=== Your task ===
Make the copy match the entries below exactly, with no pictures carried over.

-- Listed entries follows --

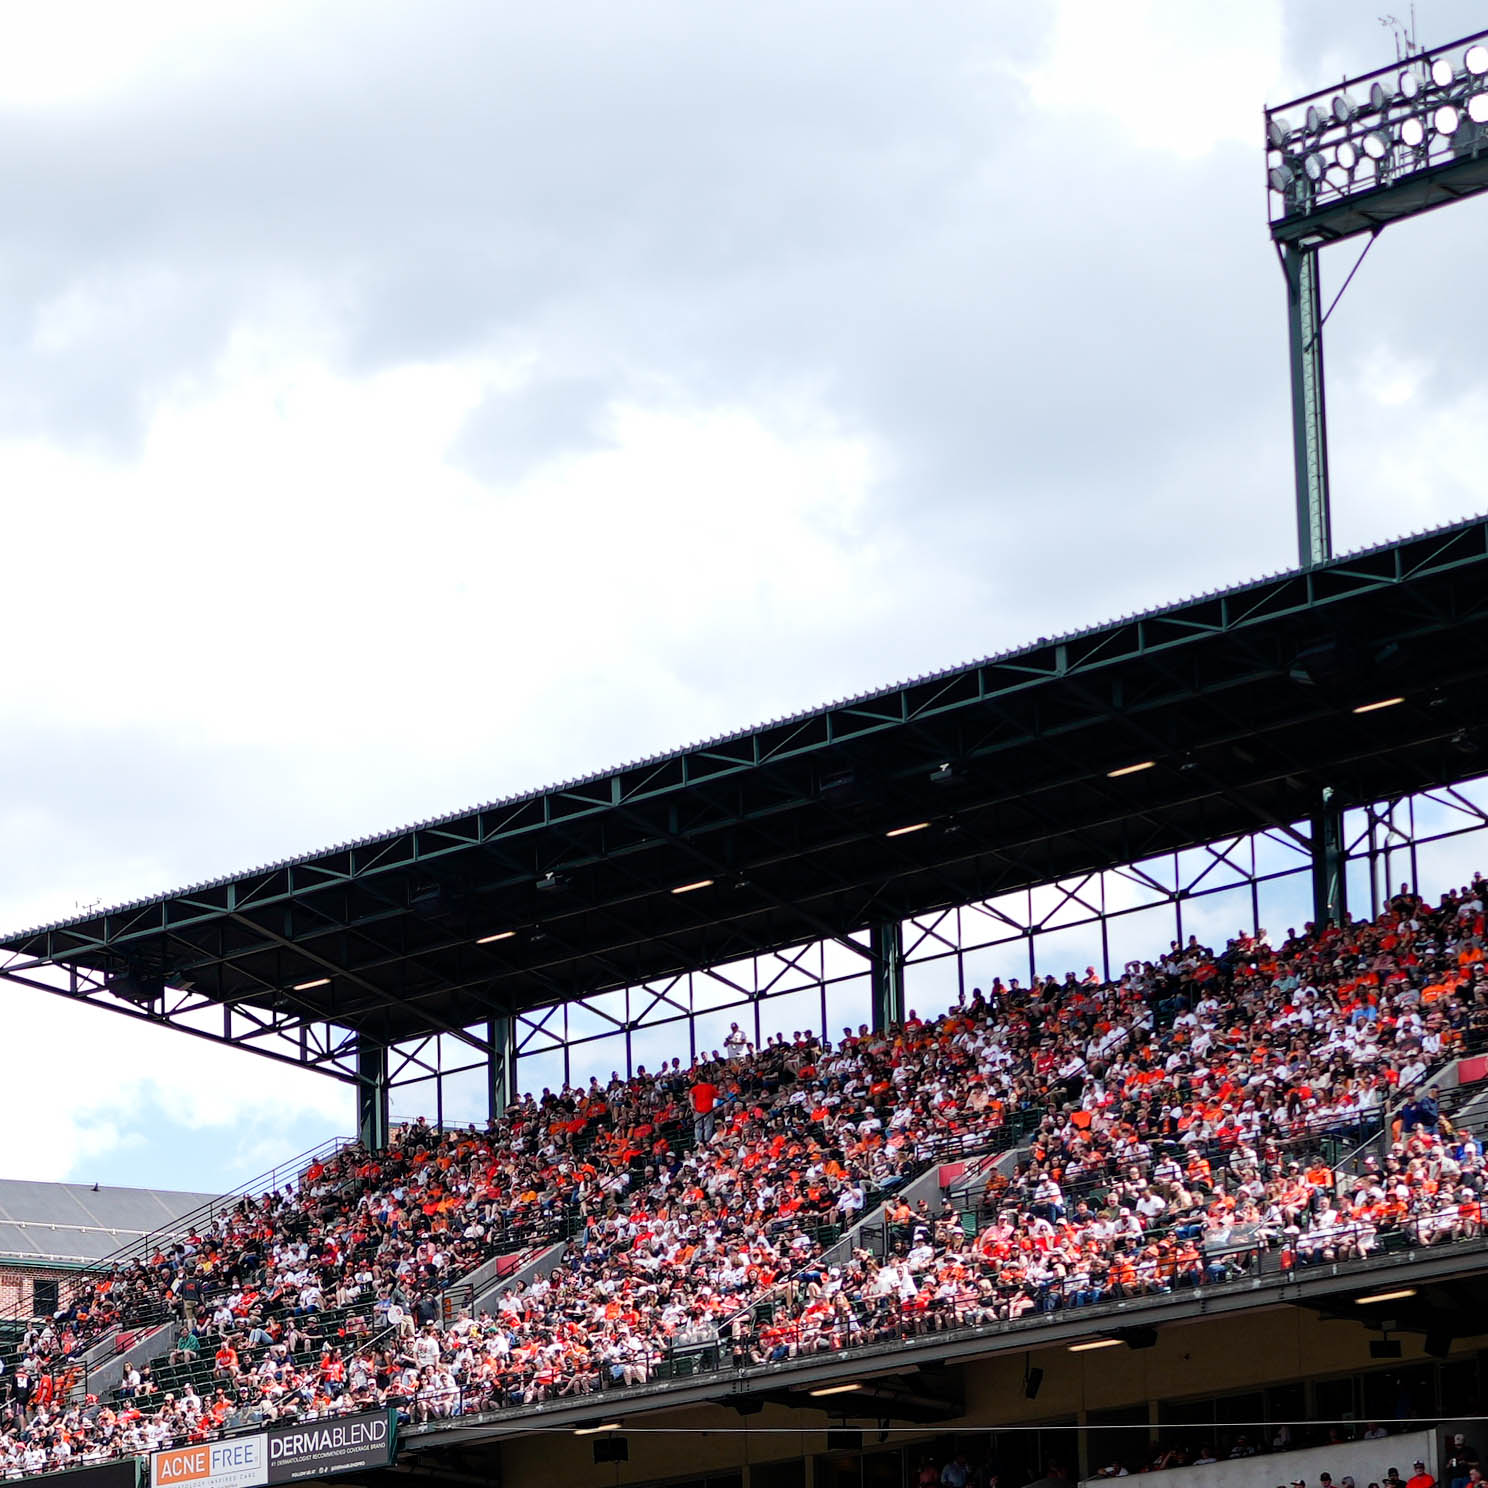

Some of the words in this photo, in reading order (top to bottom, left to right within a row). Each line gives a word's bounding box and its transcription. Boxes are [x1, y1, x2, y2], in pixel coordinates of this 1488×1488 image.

[270, 1420, 386, 1459] DERMABLEND
[160, 1453, 206, 1480] ACNE
[212, 1444, 254, 1470] FREE
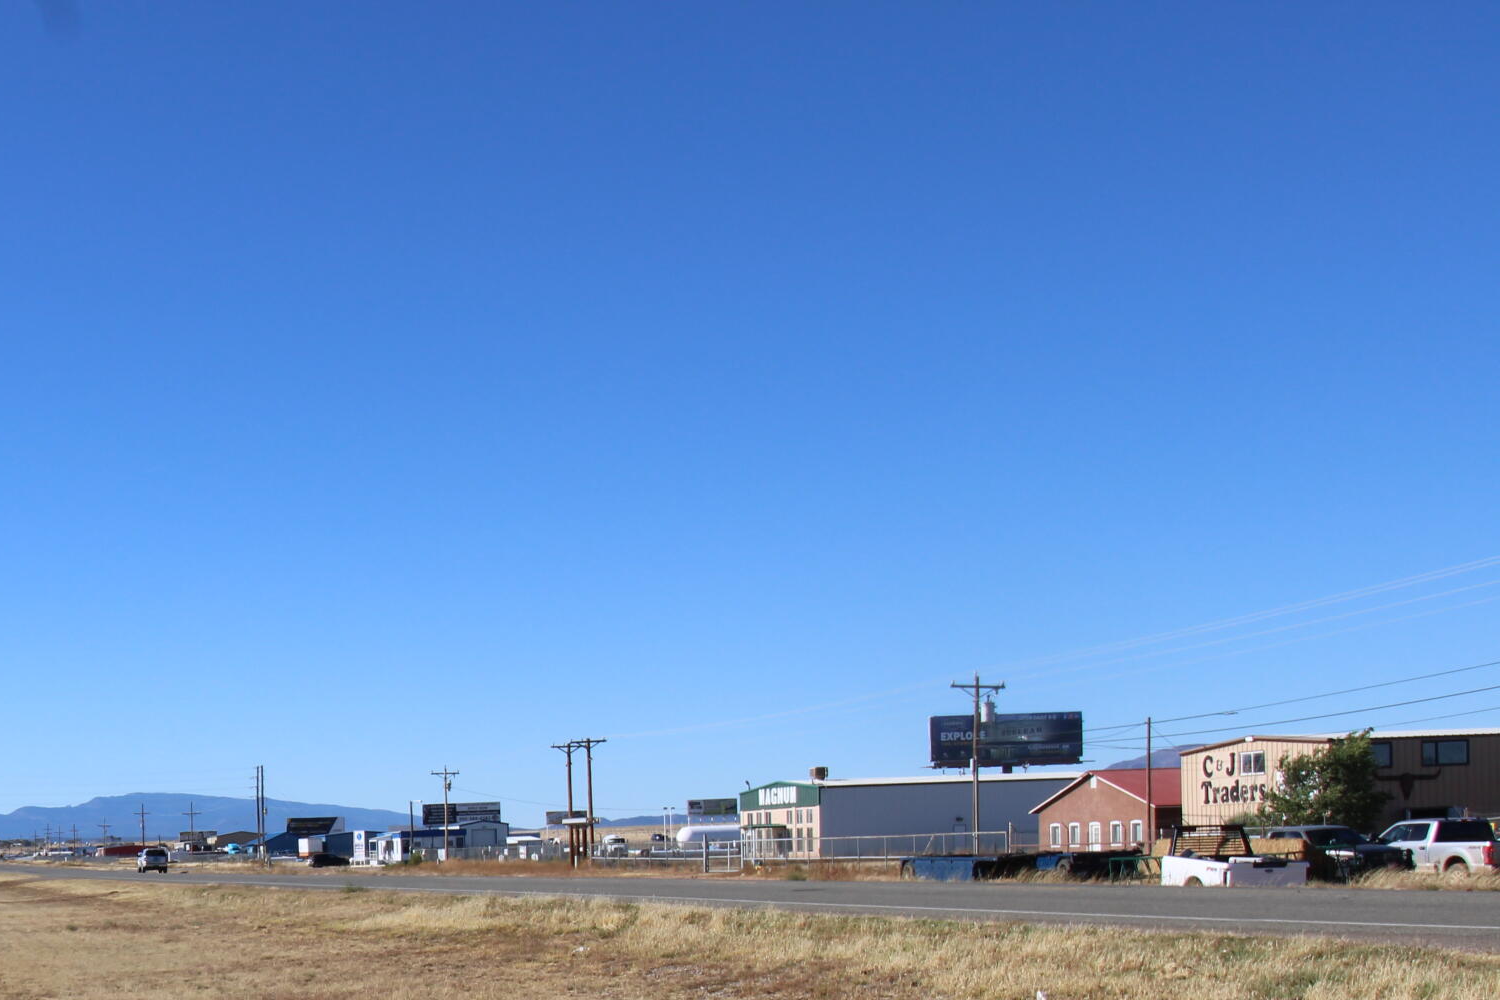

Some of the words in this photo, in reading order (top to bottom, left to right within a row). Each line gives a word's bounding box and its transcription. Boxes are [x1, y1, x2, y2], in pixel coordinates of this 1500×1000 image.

[940, 730, 986, 741] EXPLOE
[1202, 755, 1213, 778] C
[1226, 752, 1236, 776] J
[758, 786, 797, 806] MAGNUM
[1201, 779, 1267, 804] Traders
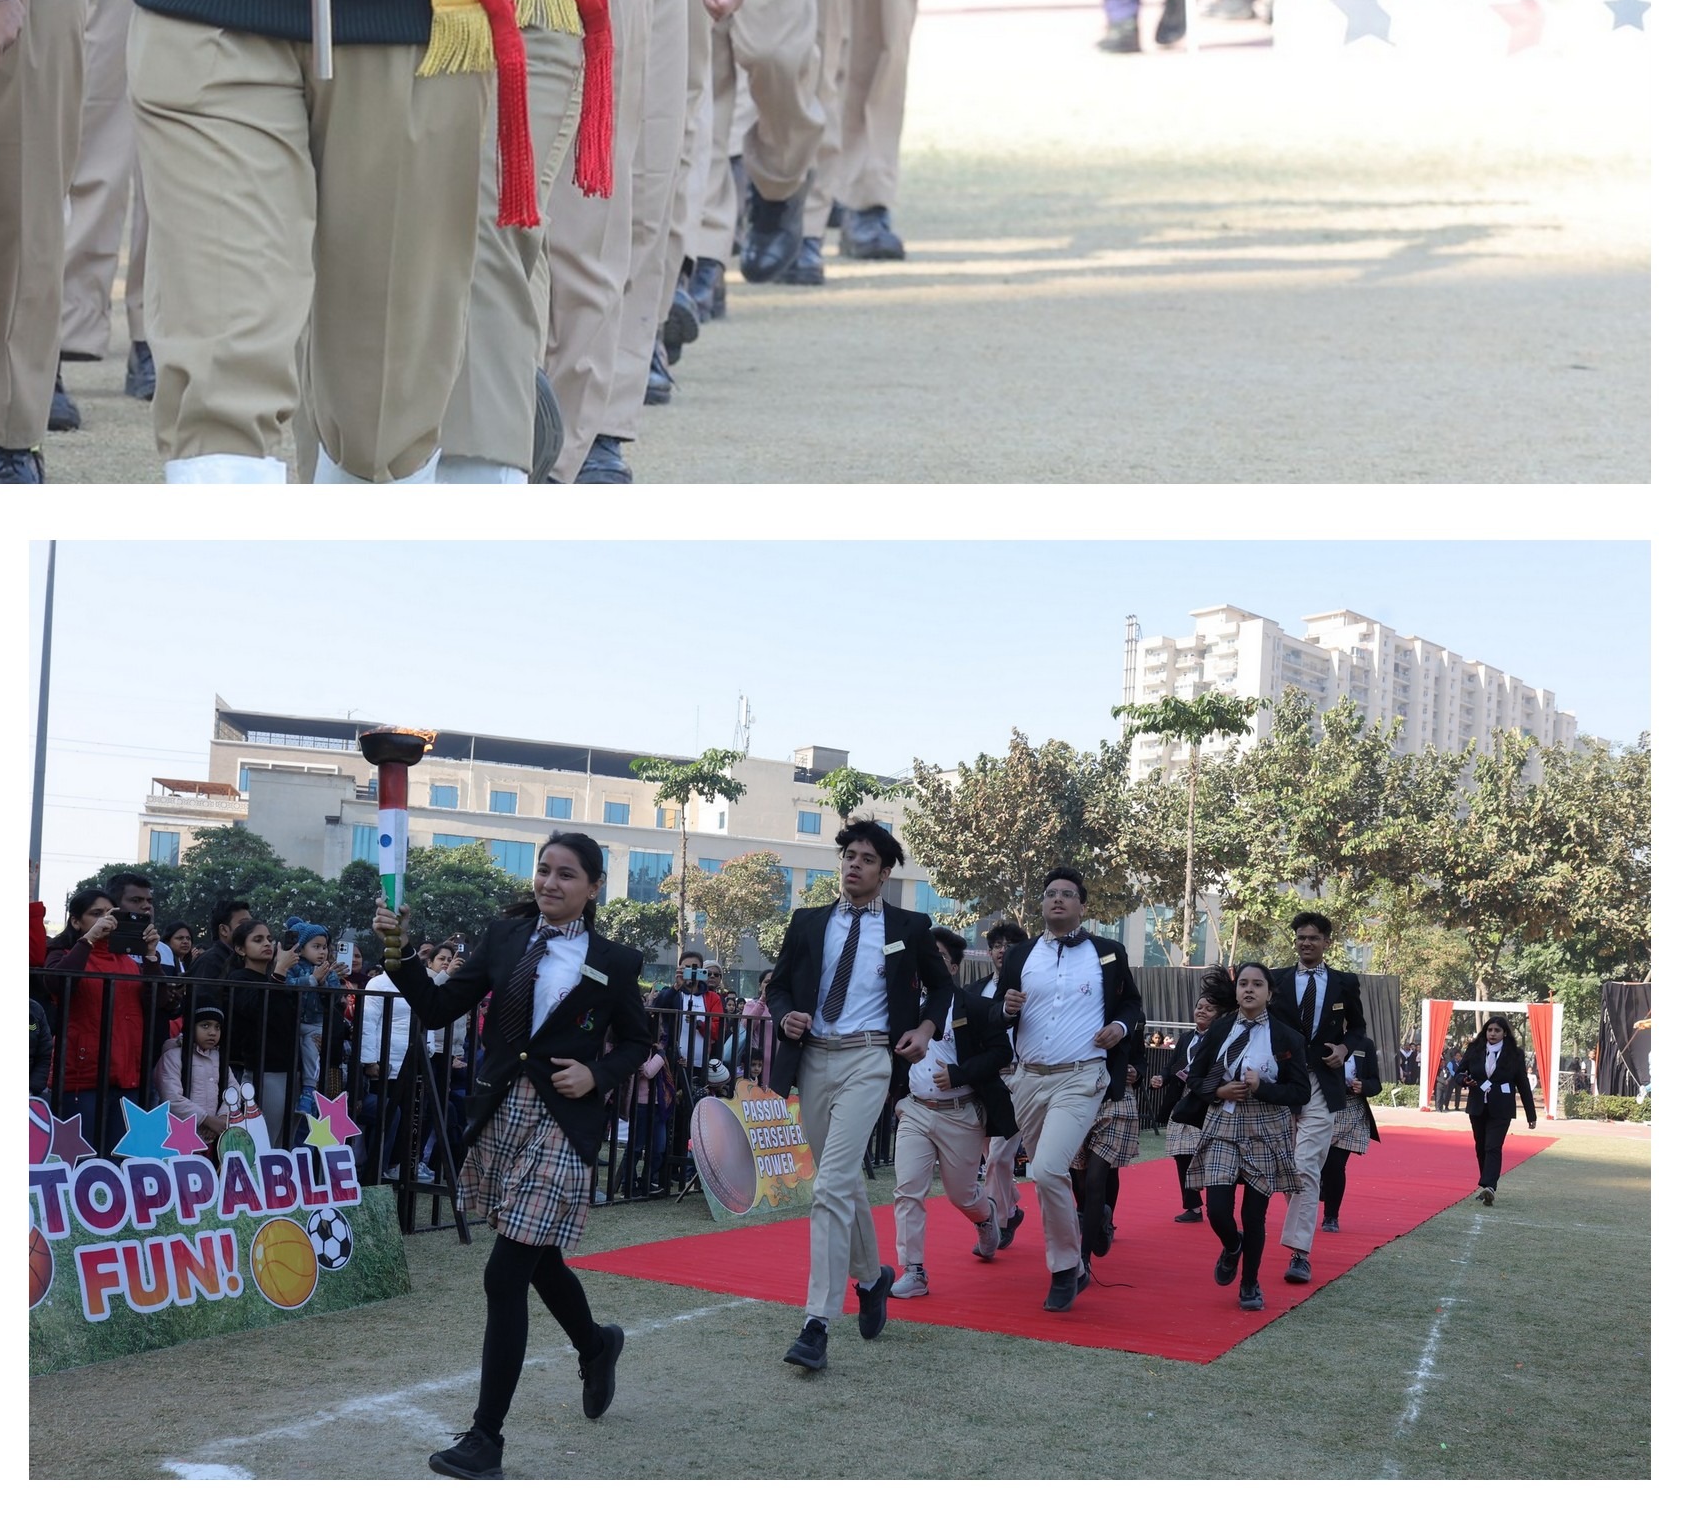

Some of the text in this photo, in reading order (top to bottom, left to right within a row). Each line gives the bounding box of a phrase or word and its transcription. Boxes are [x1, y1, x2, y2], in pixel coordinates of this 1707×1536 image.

-- Listed entries concluded --

=== Output below ===
Some of the words in this photo, in reading order (top to bottom, left to right within a row). Each line gives a word's bounding box and its transcription. Boxes are [x1, y1, x2, y2], in pixel coordinates of this 1488×1488 image.

[270, 1420, 386, 1459] DERMABLEND
[160, 1453, 206, 1480] ACNE
[212, 1444, 254, 1470] FREE

Some of the words in this photo, in reading order (top to bottom, left to right within a row). Each line gives a word's bounding box and its transcription. Boxes are [x1, y1, x2, y2], in pixel coordinates of this 1500×1000 image.

[940, 730, 986, 741] EXPLOE
[1202, 755, 1213, 778] C
[1226, 752, 1236, 776] J
[758, 786, 797, 806] MAGNUM
[1201, 779, 1267, 804] Traders

Some of the text in this photo, in reading order (top to bottom, left to right within a row). Each line gives the bounding box of a phrase or word and its transcription. Boxes are [x1, y1, x2, y2], in pixel coordinates of this 1707×1536 image.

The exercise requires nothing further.